For many cooks, jam making holds a certain amount of intimidation. However, watching my mother, Elsie Mahan, make jam helped me overcome this fear. Her jams are consistently bright-colored and delicious, capturing the essence of fresh fruit and summer's bounty. Next time you have guests over for brunch, include an assortment of homemade jams in your menu. They also make welcome gifts through the year.
Our recipes use a short-boil method with liquid pectin because it offers greater ease of preparation than powdered pectin does, and is more foolproof than the traditional method using just fruit and sugar. Also, you don't have to stir the boiling jam frequently if you use liquid pectin. Look for pectin in the grocery store.

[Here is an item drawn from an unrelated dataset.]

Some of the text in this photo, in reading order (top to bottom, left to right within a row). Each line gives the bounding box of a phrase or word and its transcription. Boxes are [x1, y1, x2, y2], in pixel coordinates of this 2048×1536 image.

Note: If instructions on the pectin package differ from the ones here, use them instead: Each brand's method is slightly different, and it's important to follow the package exactly. Never double the recipe; the amounts of fruit, sugar, and pectin called for determine jelling. In addition, cooking times increase, the pan can scorch, and it's about as quick to make successive batches.
If you wish to use just fruit and sugar (the proportion of fruit to sugar is higher, and the fruit flavor is much stronger than with pectin), consult a good basic cookbook, such as The Joy of Cooking (Simon & Schuster, New York, 1995, $26).

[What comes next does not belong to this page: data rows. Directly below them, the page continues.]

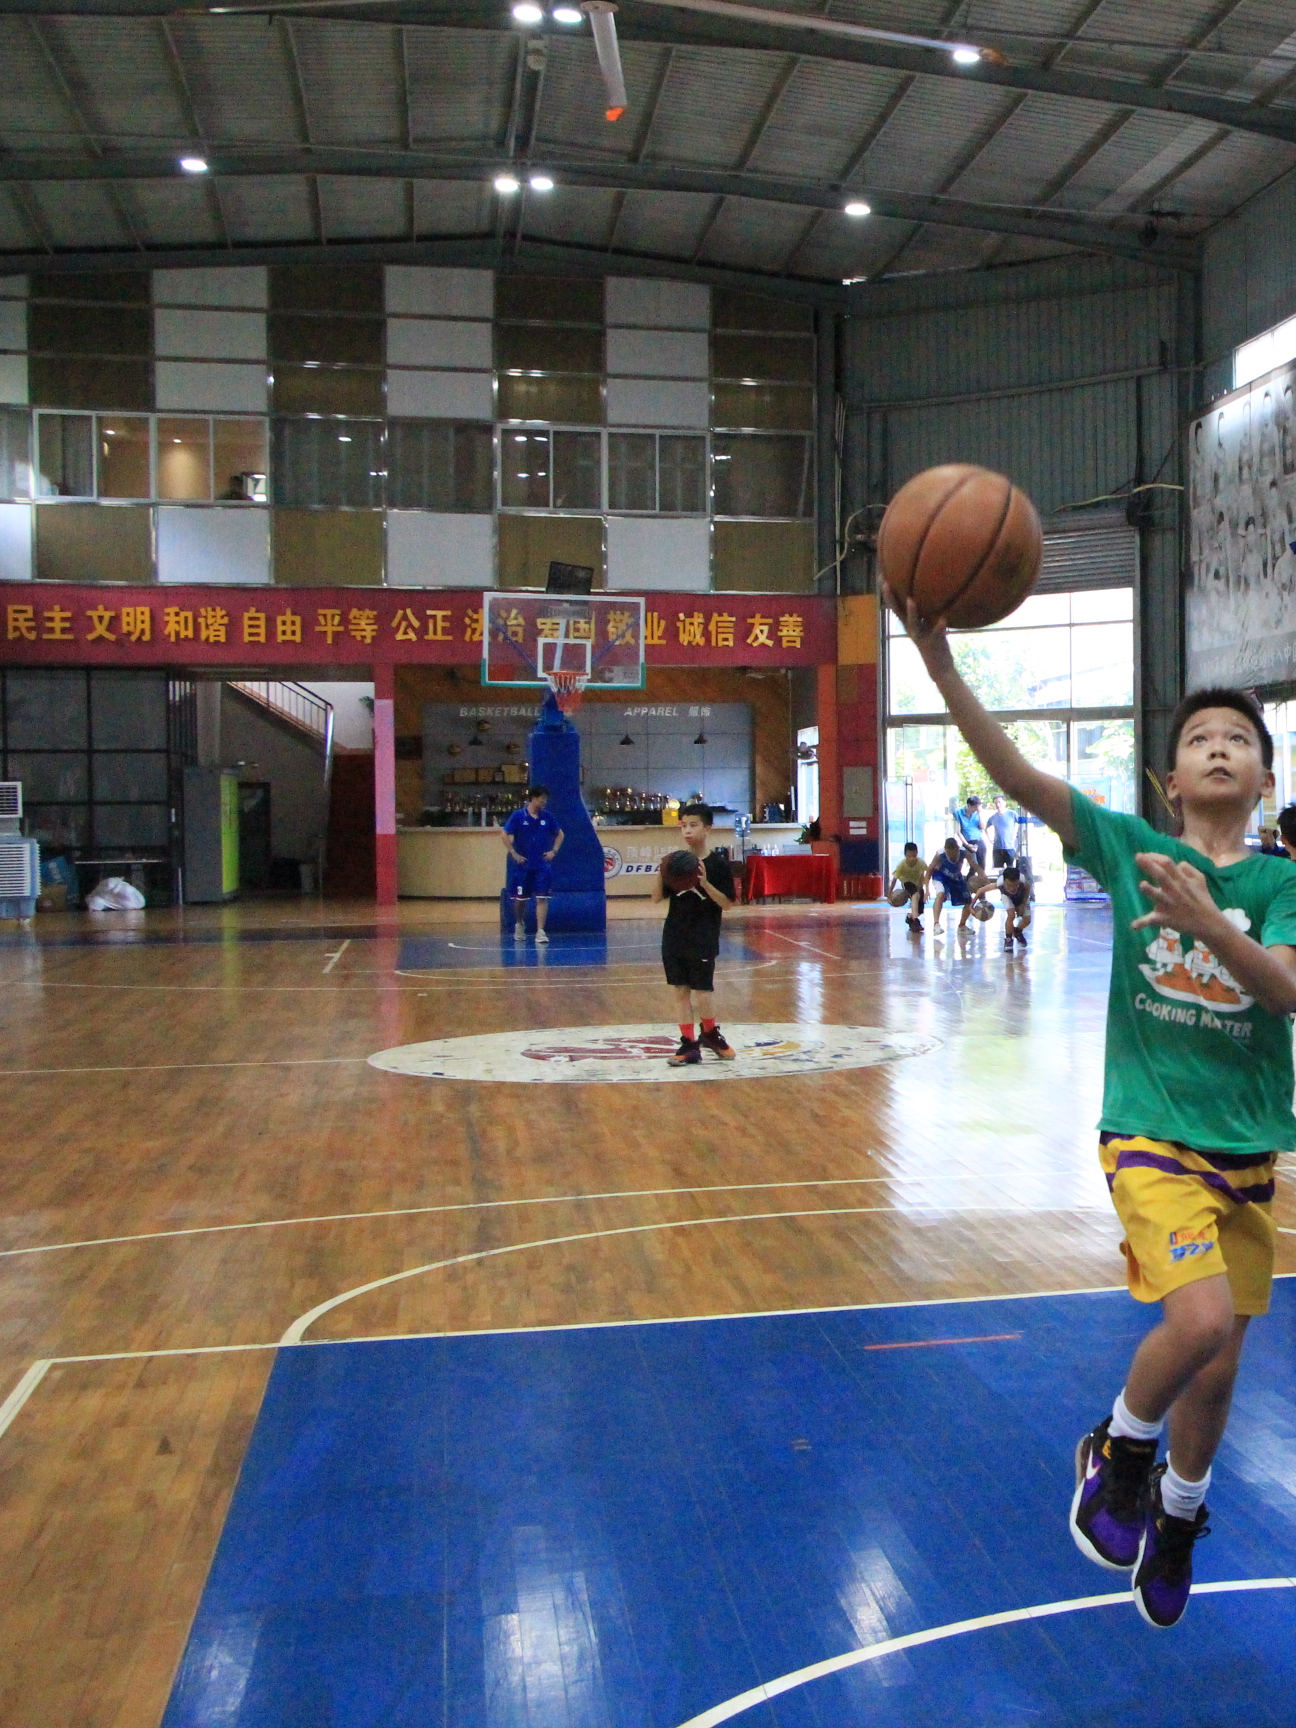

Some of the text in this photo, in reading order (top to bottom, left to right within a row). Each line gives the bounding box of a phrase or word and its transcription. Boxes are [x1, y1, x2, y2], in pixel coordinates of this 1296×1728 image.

[7, 605, 74, 641] 民主
[86, 605, 152, 642] 文明
[164, 606, 229, 643] 和谐
[243, 607, 302, 644] 自由
[314, 608, 378, 644] 平等
[391, 608, 453, 642] 公正
[464, 608, 526, 644] 法治
[607, 609, 667, 646] 敬业
[676, 611, 736, 648] 诚信
[746, 613, 805, 649] 友善
[459, 706, 541, 718] BASKETBALL
[623, 706, 679, 717] APPAREL
[1134, 992, 1197, 1026] COOKING

The most important piece of equipment for making jam is a heavy-bottomed stainless steel or copper-clad pan large enough (an 8-quart capacity at least) to cook the fruit and berries without boiling over.
First, Sterilize the Jars
To sterilize the jars, put the jars, lids (use only new ones), and screw bands into a large pan of water and bring to a boil. (Or follow manufacturer's instructions for sterilization.) Boil them for 10 minutes, then keep them in the hot water until you're ready to use them. Or, sterilize the jars and tops in the dishwasher-just be sure to use them while they're still hot.